(GOAL OF THE EXERCISE) Each entry below should be returned exactly as is, with the pictures removed.

(MATERIAL PROVIDED)
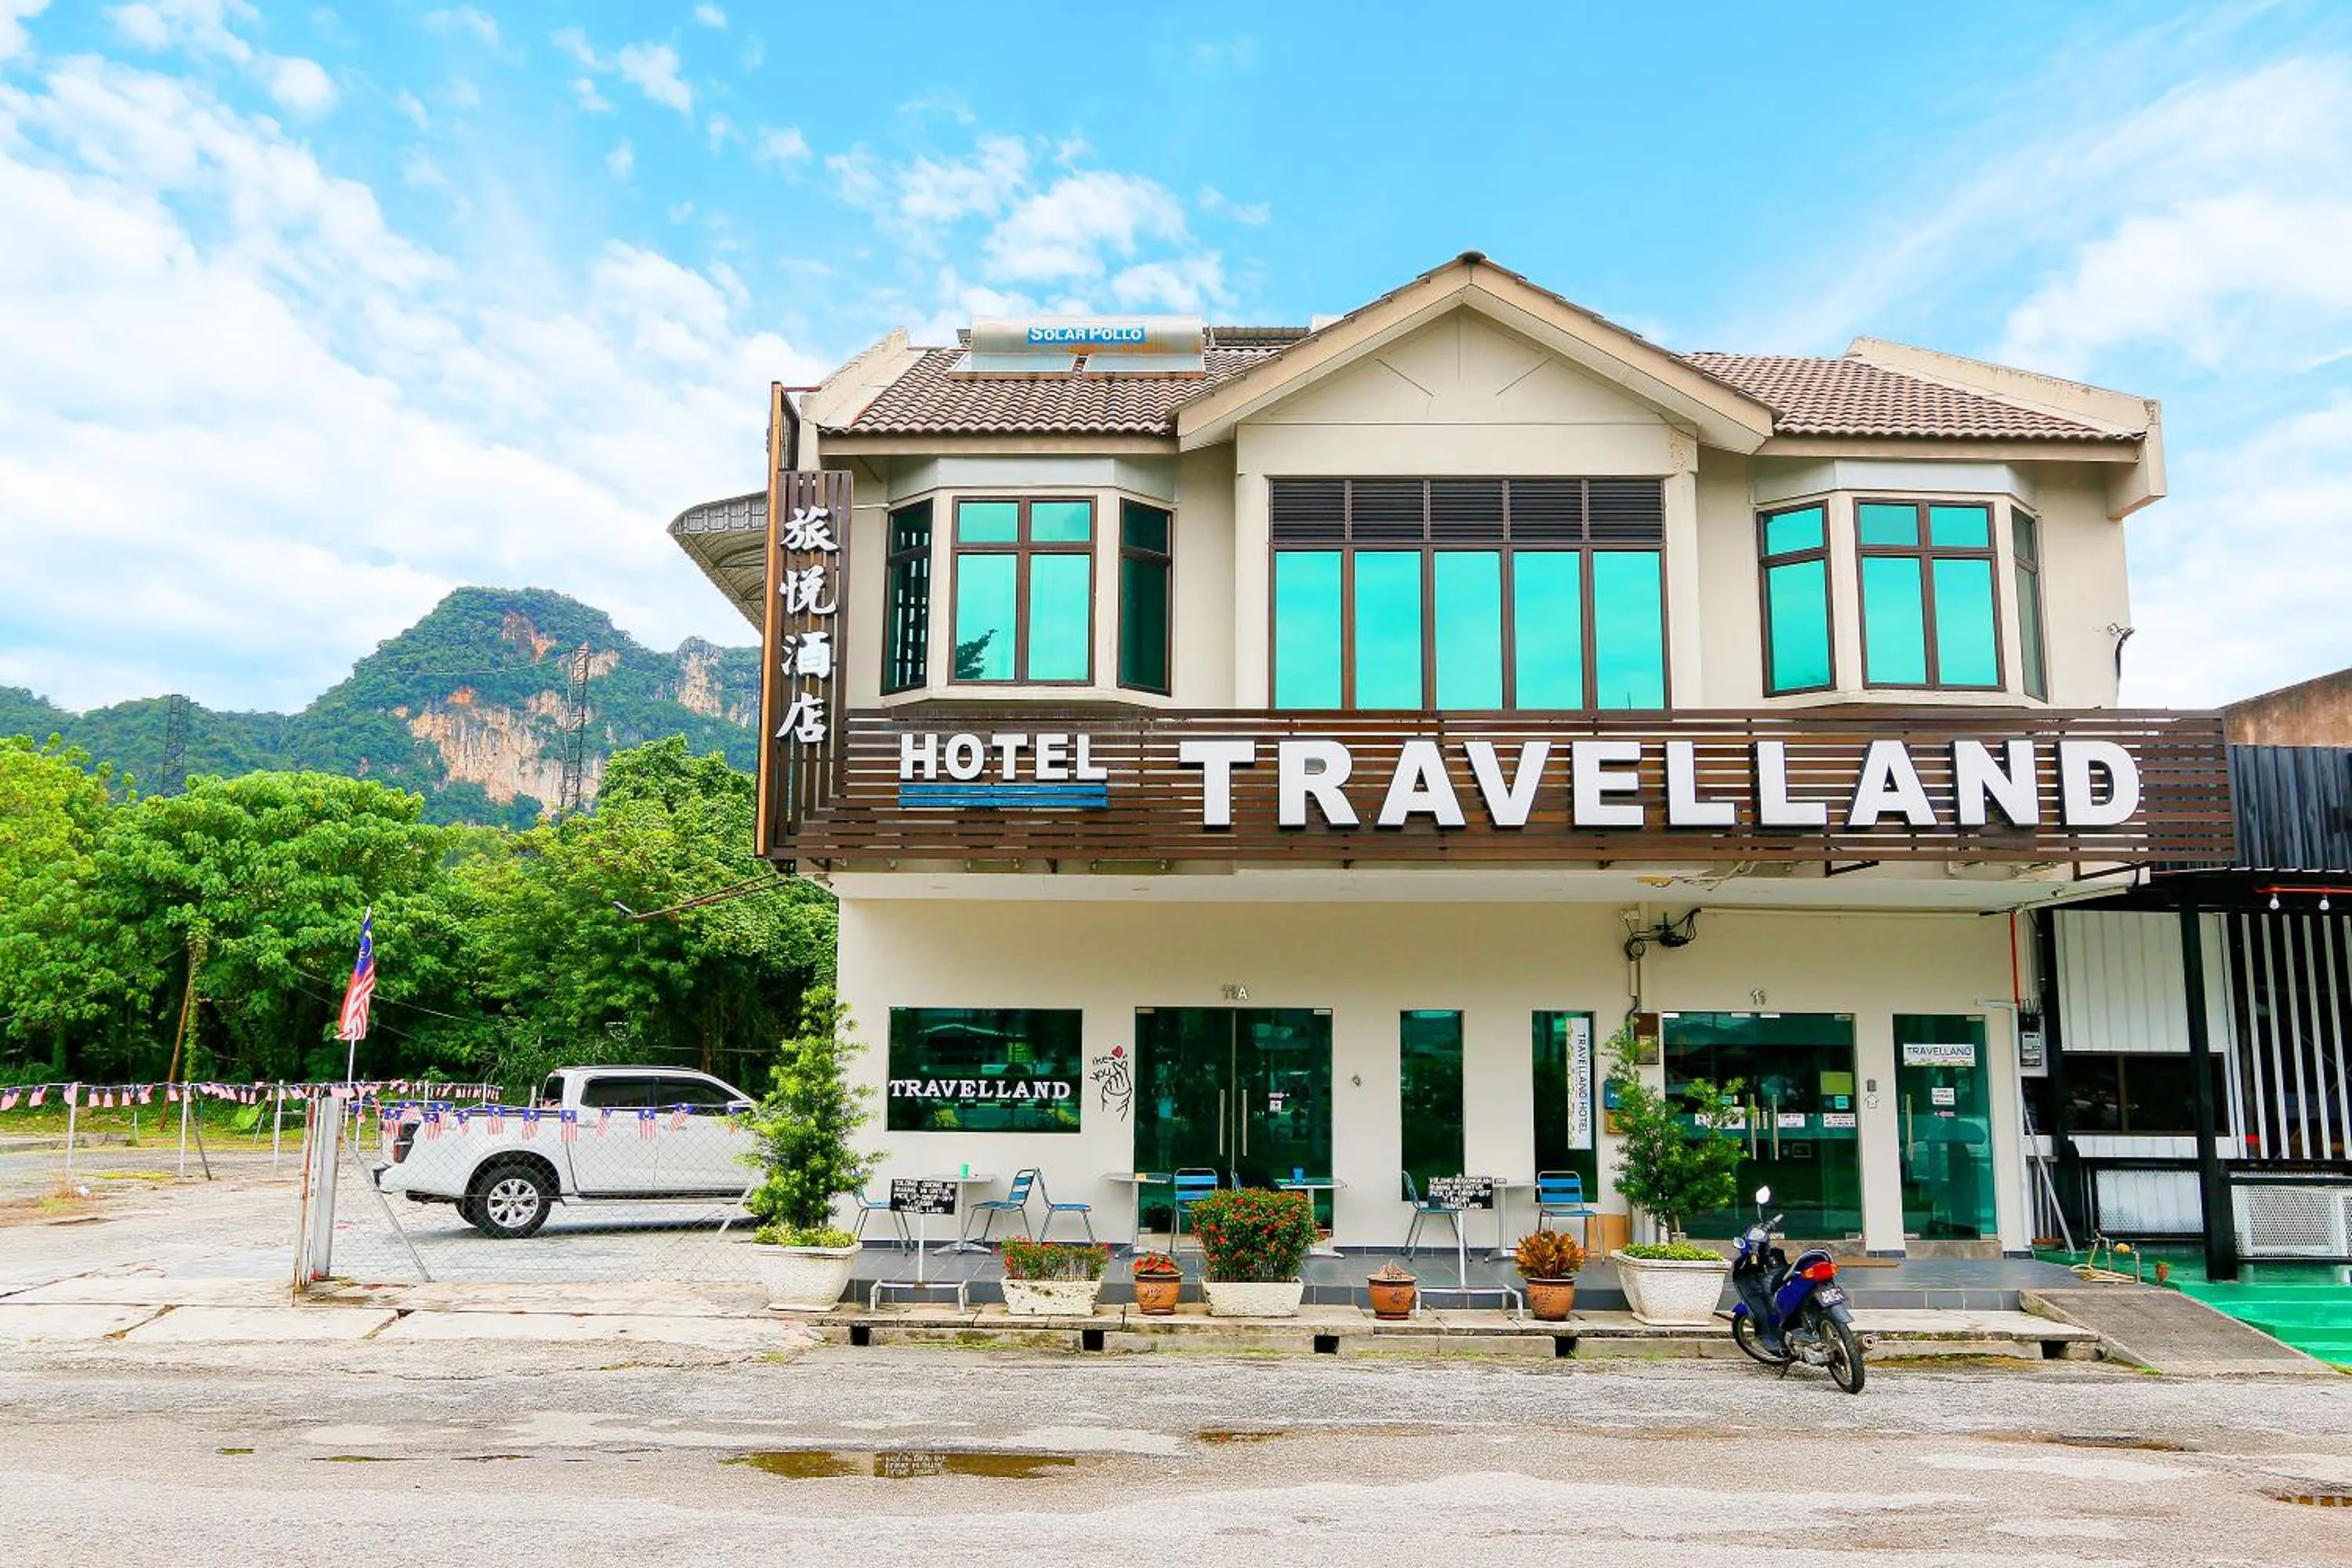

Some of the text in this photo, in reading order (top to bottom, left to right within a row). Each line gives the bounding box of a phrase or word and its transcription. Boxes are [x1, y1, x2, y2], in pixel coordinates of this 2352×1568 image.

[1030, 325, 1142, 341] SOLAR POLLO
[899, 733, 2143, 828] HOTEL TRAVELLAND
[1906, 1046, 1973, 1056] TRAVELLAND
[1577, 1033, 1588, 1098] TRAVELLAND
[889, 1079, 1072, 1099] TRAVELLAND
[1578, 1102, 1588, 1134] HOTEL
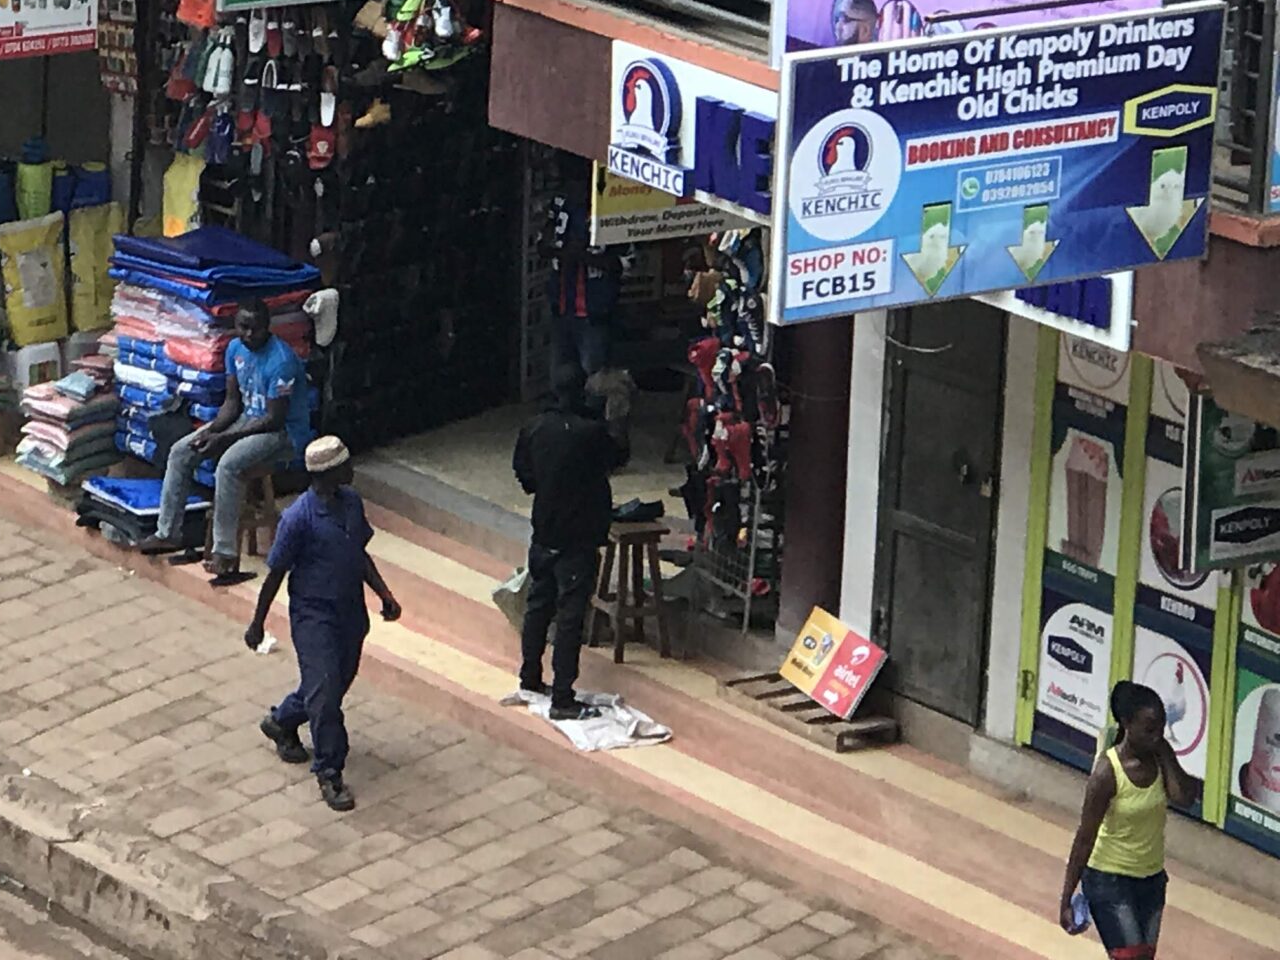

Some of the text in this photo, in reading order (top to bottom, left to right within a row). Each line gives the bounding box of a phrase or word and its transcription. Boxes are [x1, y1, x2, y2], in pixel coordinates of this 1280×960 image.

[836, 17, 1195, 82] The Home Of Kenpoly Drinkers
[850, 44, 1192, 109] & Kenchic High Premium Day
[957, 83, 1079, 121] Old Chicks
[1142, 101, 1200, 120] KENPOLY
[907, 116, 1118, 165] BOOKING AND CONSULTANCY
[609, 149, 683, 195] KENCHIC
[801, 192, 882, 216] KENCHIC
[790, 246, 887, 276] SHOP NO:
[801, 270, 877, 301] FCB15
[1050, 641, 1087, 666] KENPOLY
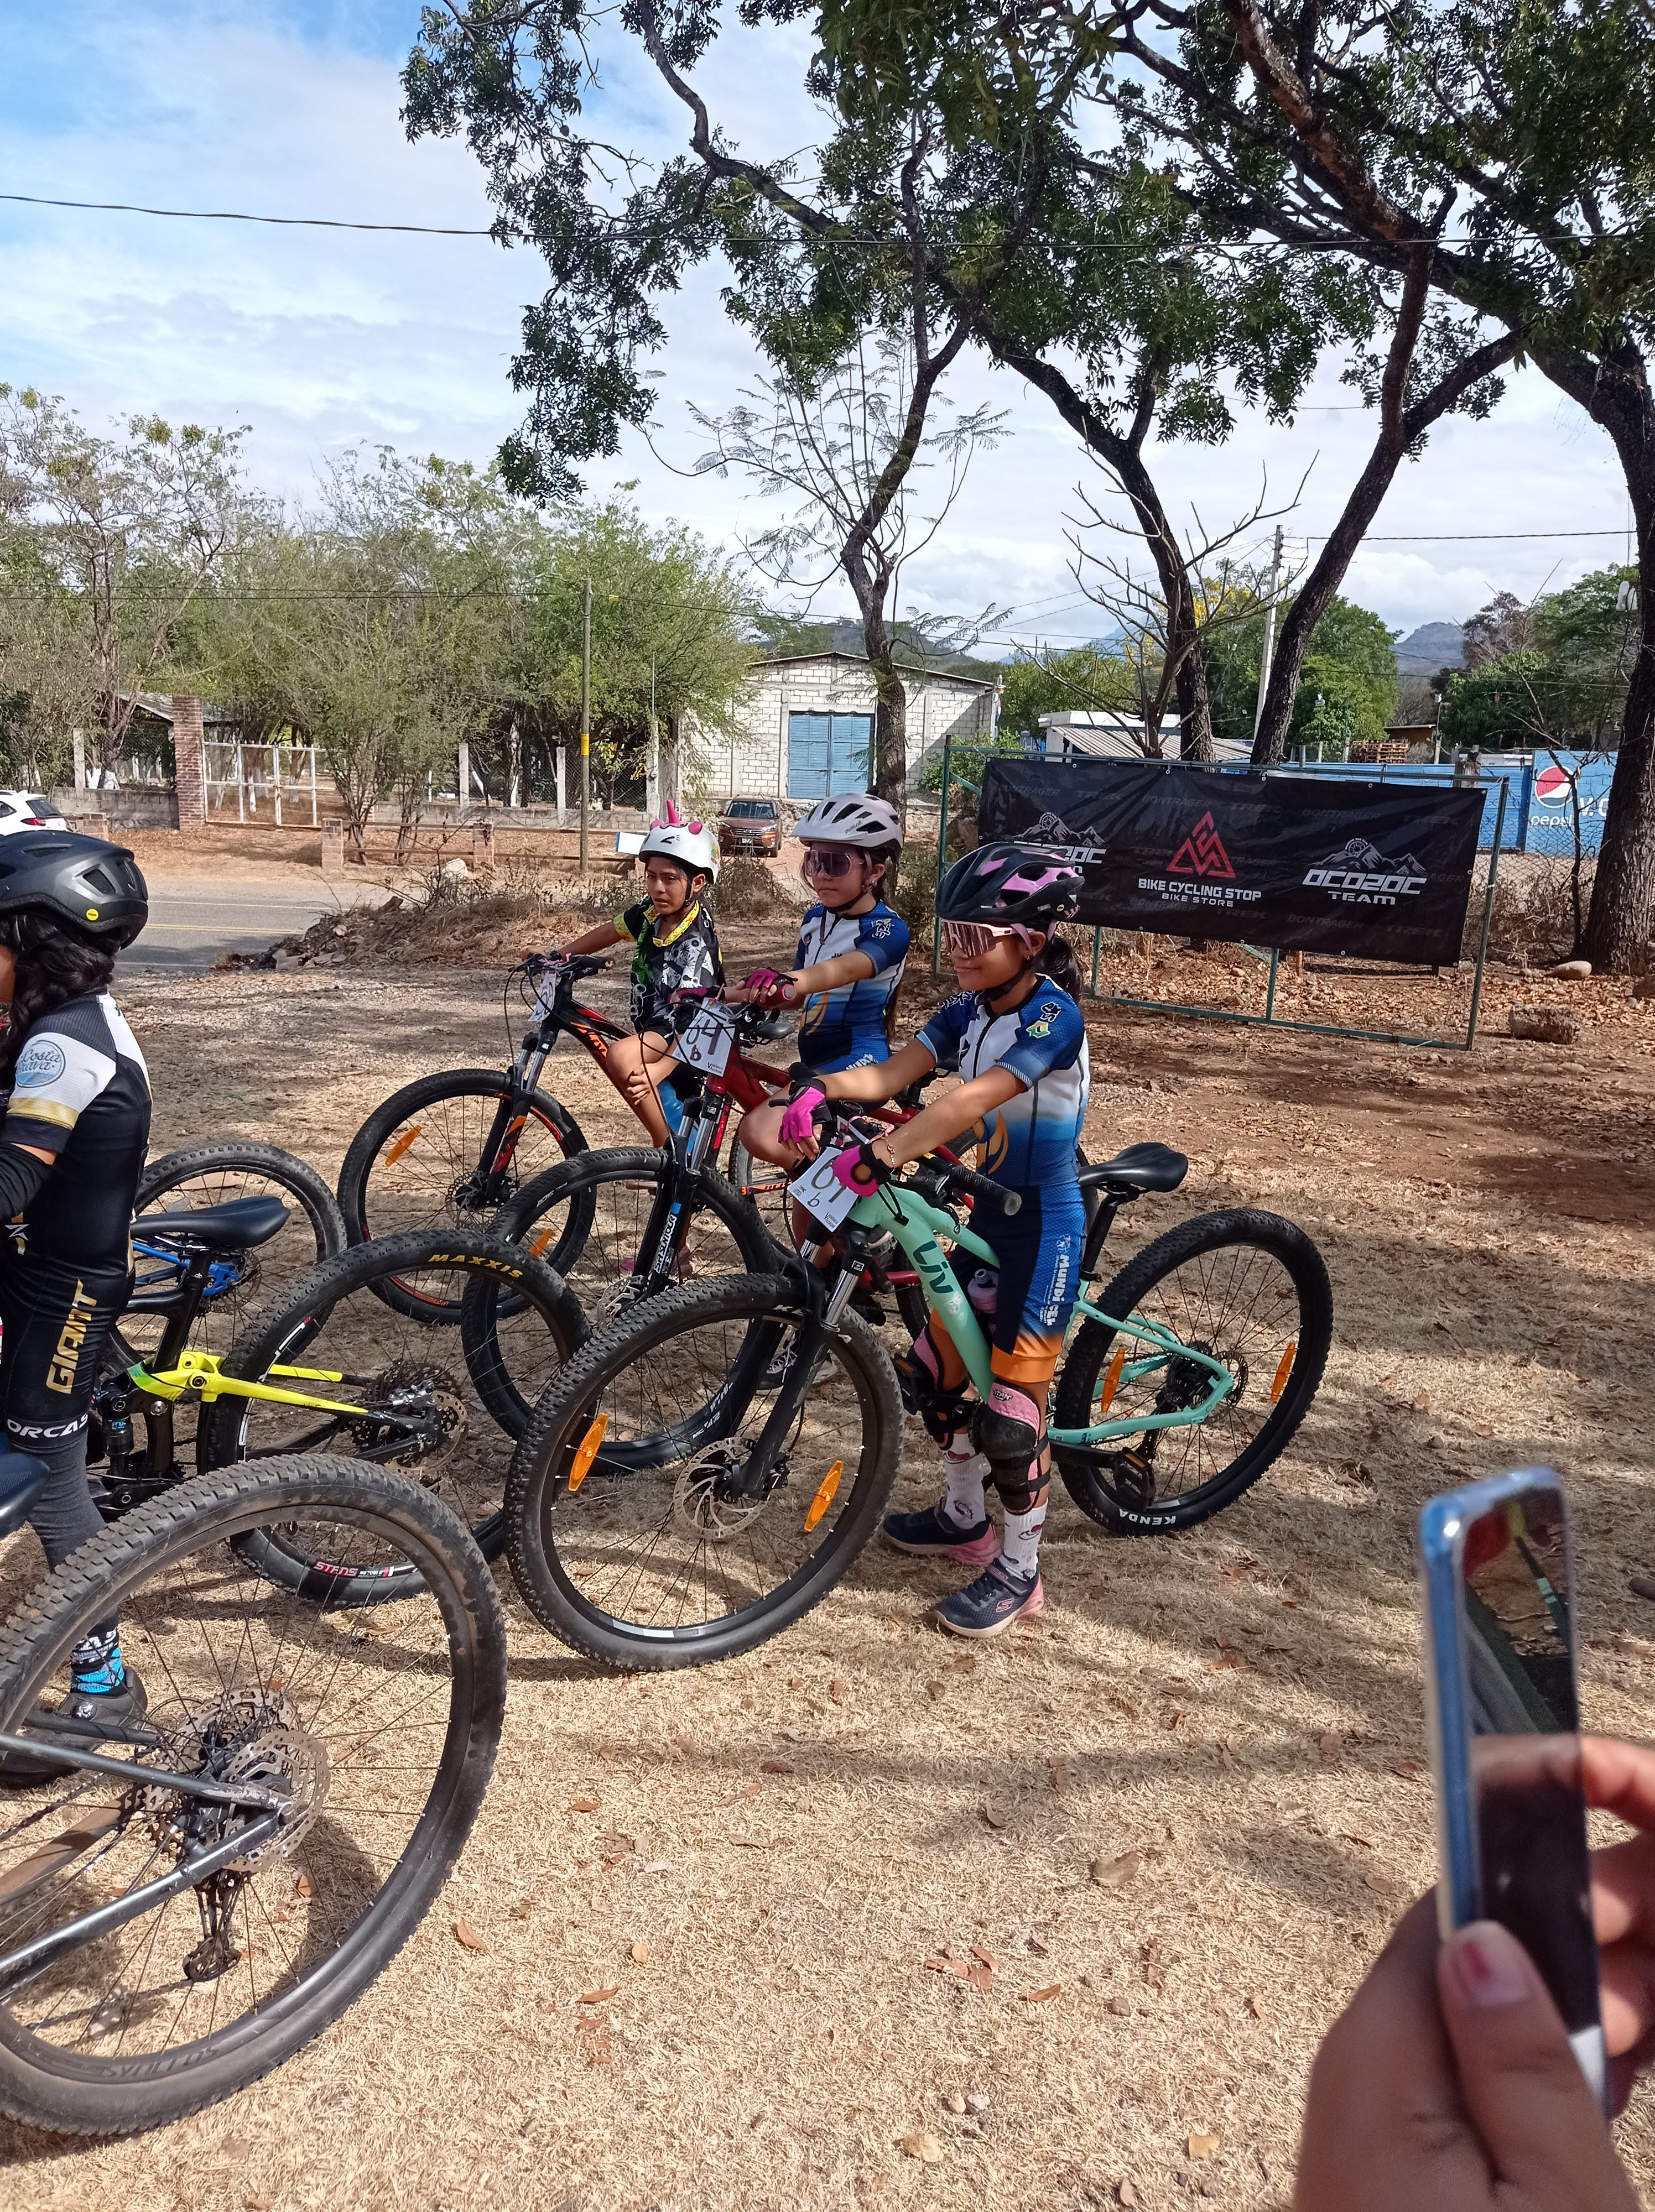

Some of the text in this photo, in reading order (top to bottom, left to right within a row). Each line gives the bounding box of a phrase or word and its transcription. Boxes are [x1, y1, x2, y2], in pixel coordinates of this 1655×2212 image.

(RESPONSE TO THIS TASK)
Some of the text in this photo, in reading order (top to bottom, left to right within a row). Each line gives the bounding box of a phrase or word and its transcription. Boxes are [x1, y1, x2, y2], in pixel coordinates of this 2352×1568 image.

[1030, 325, 1142, 341] SOLAR POLLO
[899, 733, 2143, 828] HOTEL TRAVELLAND
[1906, 1046, 1973, 1056] TRAVELLAND
[1577, 1033, 1588, 1098] TRAVELLAND
[889, 1079, 1072, 1099] TRAVELLAND
[1578, 1102, 1588, 1134] HOTEL

Some of the text in this photo, in reading order (top to bottom, left to right within a row). Each line gives the bounding box of a phrase or word and its transcription. Boxes are [x1, y1, x2, y2], in pixel coordinates of this 1280×960 image.

[836, 17, 1195, 82] The Home Of Kenpoly Drinkers
[850, 44, 1192, 109] & Kenchic High Premium Day
[957, 83, 1079, 121] Old Chicks
[1142, 101, 1200, 120] KENPOLY
[907, 116, 1118, 165] BOOKING AND CONSULTANCY
[609, 149, 683, 195] KENCHIC
[801, 192, 882, 216] KENCHIC
[790, 246, 887, 276] SHOP NO:
[801, 270, 877, 301] FCB15
[1050, 641, 1087, 666] KENPOLY

Some of the text in this photo, in reading order (top to bottom, left to right within a row). Each line gives the bounding box of a phrase or word and its transcription. Boxes are [x1, y1, x2, y2], in pixel coordinates of this 1655×2212 image.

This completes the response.